Running a food business is a job of total responsibility and reliability. It is because when a customer visits a food place repeatedly, it means that they are leaving behind all their suspicions and putting all their trust in the brand. However, if later, at some point, it is discovered that the restaurant is not offering what it has advertised so far, then, of course, everyone knows the consequences: you are not going to win the same kind of trust and reliability that you enjoyed earlier! For a more straightforward example, if you used to play at a reliable platform such as ice bet casino, it wouldn’t have rewarded you with what it advertised. Well, it sounds like havoc, and yes, it is when the famous Subway is charged for not serving the right food type.
What’s the Story?
One of the recent stories from Subway is that it is facing a lawsuit charged by Nilima Amin from Almeda County in California. According to the accuser, Subway is misleading all its customers by falsely advertising its tuna sandwiches, which according to the brand, contain not only ‘tuna’ but ‘100% tuna’. Well, the main question is, how come she charges such a significant allegation against a prominent food brand?

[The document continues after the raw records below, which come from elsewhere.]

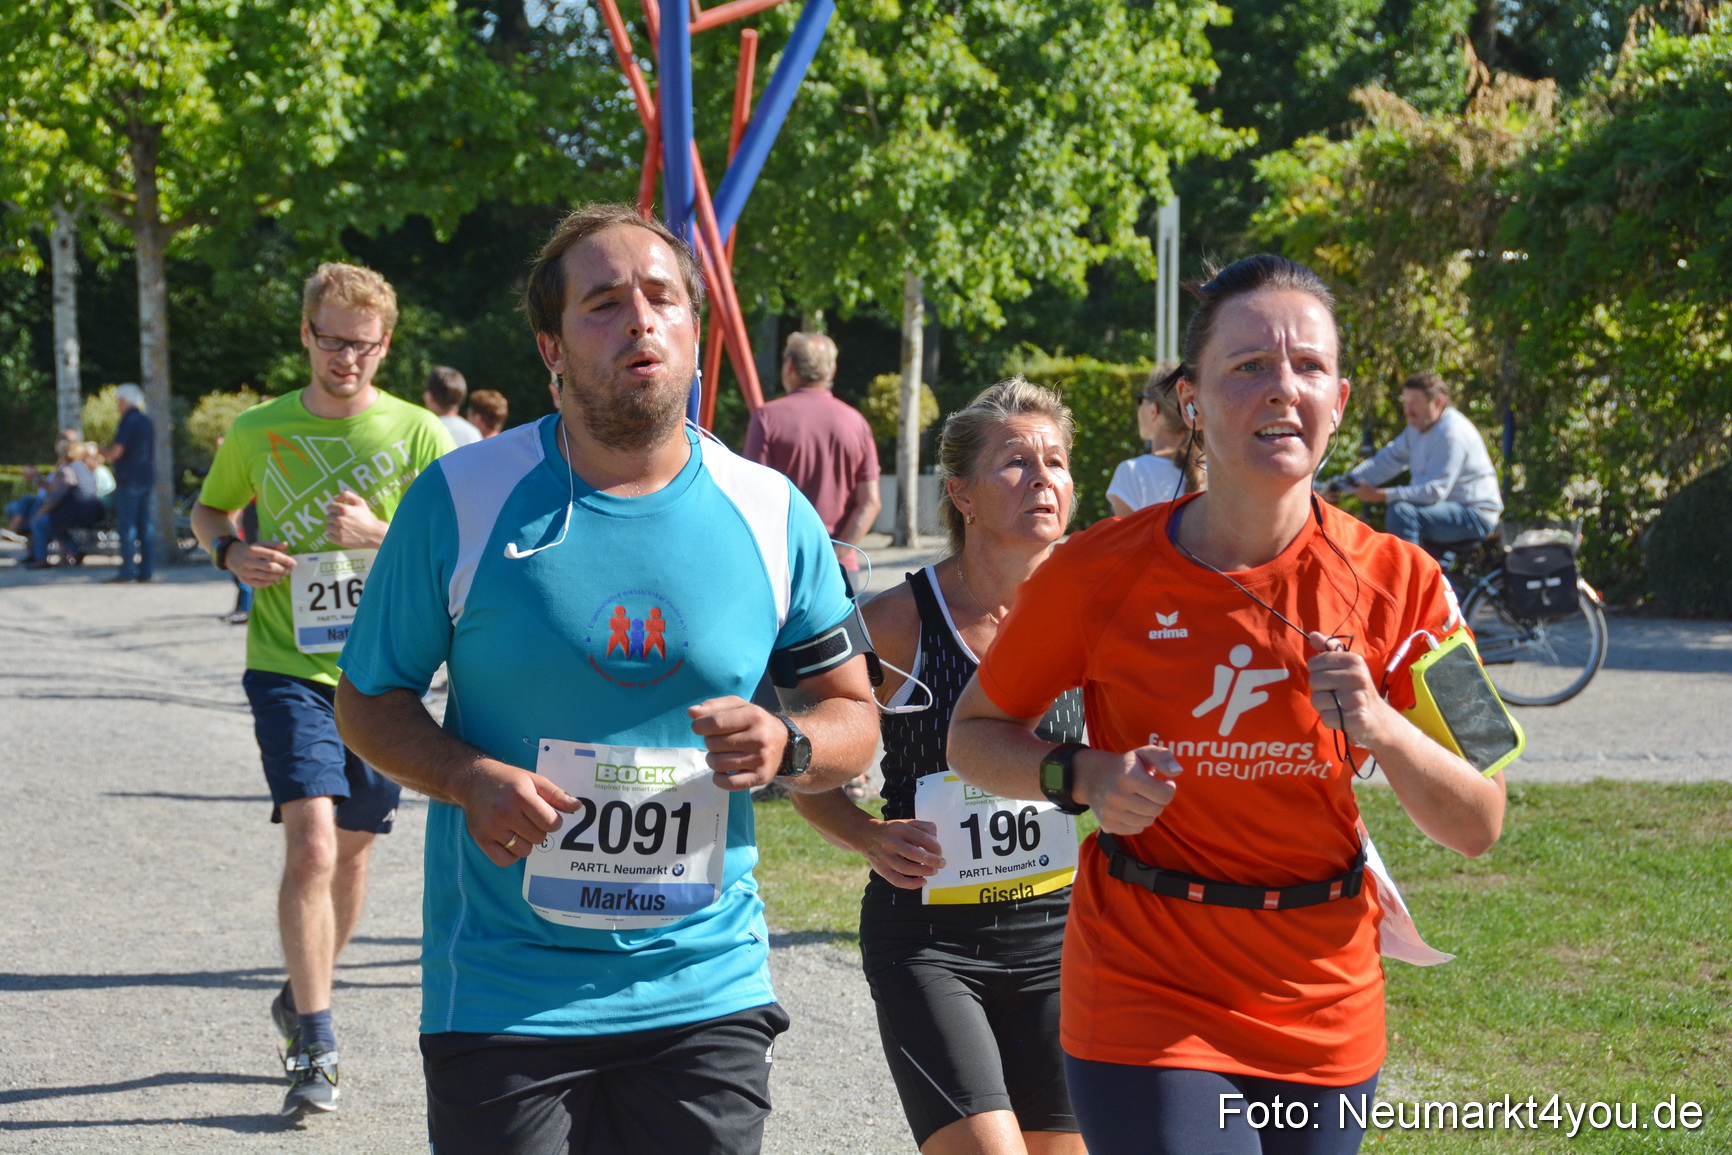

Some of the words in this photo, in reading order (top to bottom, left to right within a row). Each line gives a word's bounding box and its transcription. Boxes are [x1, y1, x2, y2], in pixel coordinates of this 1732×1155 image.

[271, 440, 411, 547] RKHARDT
[320, 559, 366, 573] BOCK
[308, 579, 364, 611] 216
[327, 629, 351, 641] Nat
[1148, 627, 1188, 640] erima
[595, 763, 677, 785] BOCK
[1197, 759, 1332, 780] neumarkt
[594, 783, 620, 791] inspired
[622, 784, 630, 792] by
[560, 797, 691, 855] 2091
[960, 805, 1041, 860] 196
[570, 861, 611, 874] PARTL
[614, 864, 667, 875] Neumarkt
[959, 868, 993, 879] PARTL
[995, 859, 1036, 875] Neumarkt
[580, 886, 666, 911] Markus
[979, 882, 1034, 904] Gisela
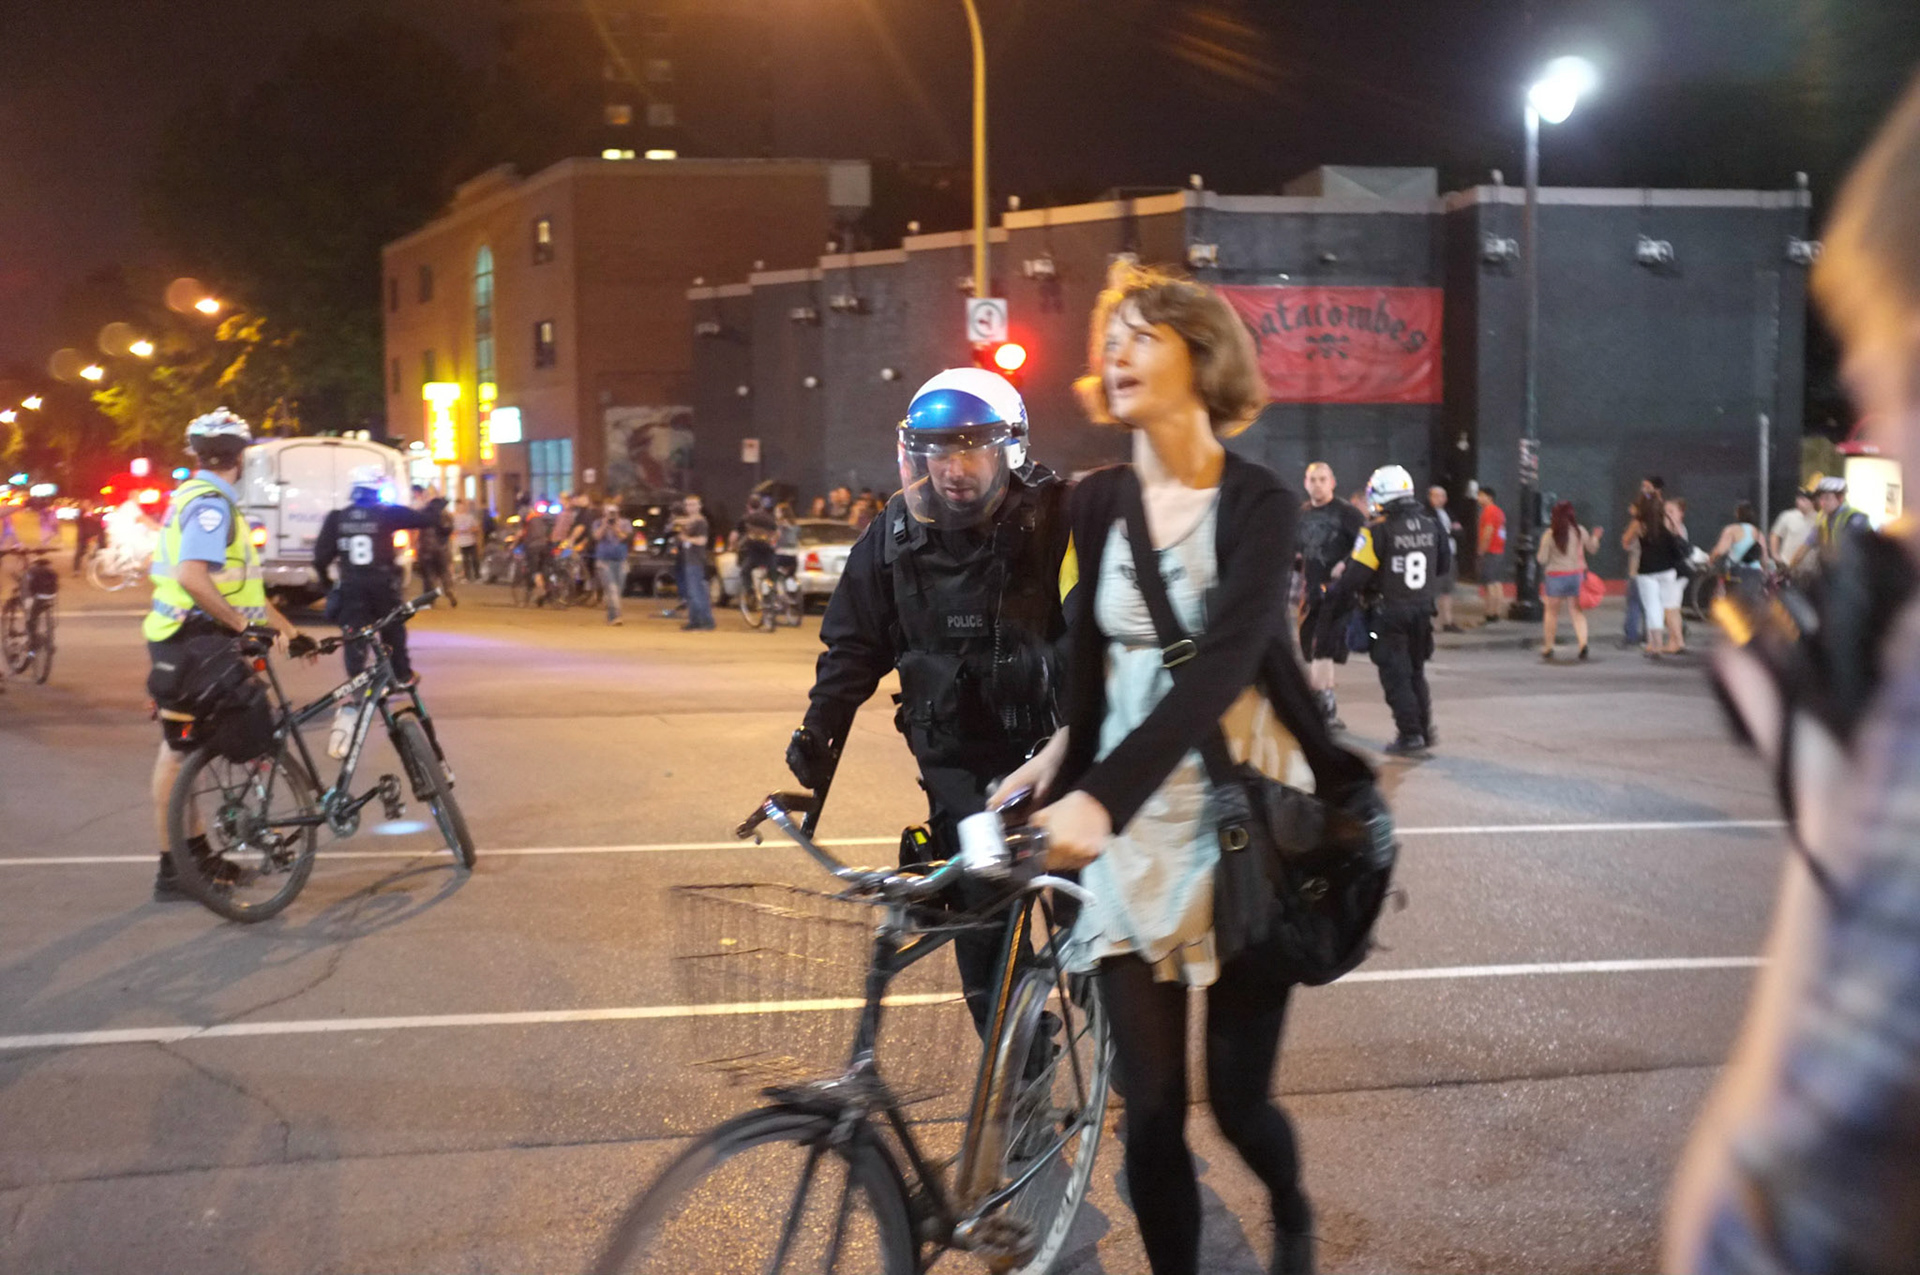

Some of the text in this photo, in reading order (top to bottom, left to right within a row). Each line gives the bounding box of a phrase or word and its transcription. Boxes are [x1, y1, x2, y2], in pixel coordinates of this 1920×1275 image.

[1244, 297, 1427, 356] atacombes
[1394, 532, 1434, 549] POLICE
[947, 614, 982, 628] POLICE

Amin’s Lawsuit and the Background Research
Amin is not making such a claim without any proof, but her lawsuit cites the research of a marine biologist. The tests were conducted at the Barber Lab at UCLA’s Department of Ecology and Evolutionary Biology. So, according to the report:
- Twenty samples of tuna sandwiches were analyzed from the different Subway points.
- It says that no tuna DNA was detected in the 19 samples.
- They had evidence of chicken, buffalo, and pork.
What Is Subway’s Stance?
The lawsuit is leading to the low reputation of Subway; the food brand has contested the allegations and has claimed before Judge Jon S. Tigar at U.S District Court that its sandwiches contain 100% tuna; therefore, it has requested to dismiss the suit.
History of Allegations Against Subway
A little back than Amin’s Allegations, there was another lawsuit presented by Dhanowa, who also had the same complaints against Subway. Because the accuser could not provide evidence for a subway purchase and no harm was done to the complainer, Tigar dismissed the case. The claim was also rejected because, according to the judge’s note, the sandwich comprises other ingredients as well as bread and mayonnaise. However, the court still saved the ruling that the sandwiches contained other materials such as animal species or fish species and miscellaneous products.
Subway’s Explanation before the Court
According to Subway, the DNA that is examined and detected by the lab is likely to be found in the ingredients, such as eggs in the mayonnaise, or contaminated through the cross-contact ingredients. It is expected that the sandwich maker may have contaminated such sandwiches or when the Subway’s chef is in the kitchen, uses the same gloves, cutting boards, and other items.
However, there are still reservations in the court after all the clarifications by the company, and according to to judge Tigar, reasonable consumers will never expect to find other ingredients for a sandwich that advertises to contain 100% tuna. Therefore, only based on such explanations that the different DNAs are found through the cross-contacts is not a rational explanation that a logical customer would never believe, and this matter would remain under question.
Against all such developments, the company holds some reservations and is unhappy with the court’s ruling. According to the attorney of Subway, Mark C. Goodman, such lawsuits are meritless, and he is disappointed that the court has not dismissed such prejudices. According to Subway, the company can understand that the court had to accept the applicant’s pleading, but the fact is that such claims are baseless and untrue. Subway’s attorney further claims that Subway is offering real tuna, and the company is ready to bring forth all the evidence with all confidence when the court allows it. In fact, it will be done to justify the company’s stance.
Moreover, Subway has also refused to accept the tests taken to the lab by the plaintiffs because they have not provided enough information about the lab’s testing methodologies. Therefore these DNA tests are unreliable.
The food chain has also reasoned that a valid test could be a specific testing method that could detect tuna DNA after it is cooked at high heat. Also, the barcoding test is specific for the cases of fish fraud which can only tell the difference between fresh or loving tissues, and this test is not as reliable for cooked products.
The Court’s Decision
Under all the explanations, the court is not swayed by the testing methods, and there are no legal requirements for the plaintiffs to produce evidence that must prove the falsity. According to Tigar, the complaint against Subway is sufficient and explicitly mentions what is wrong with the product being offered. It is enough to see that the tuna description by the company is not actually what it is advertising. It is because either the product has no tuna or the company uses ingredients that a reasonable person cannot expect to find in tuna.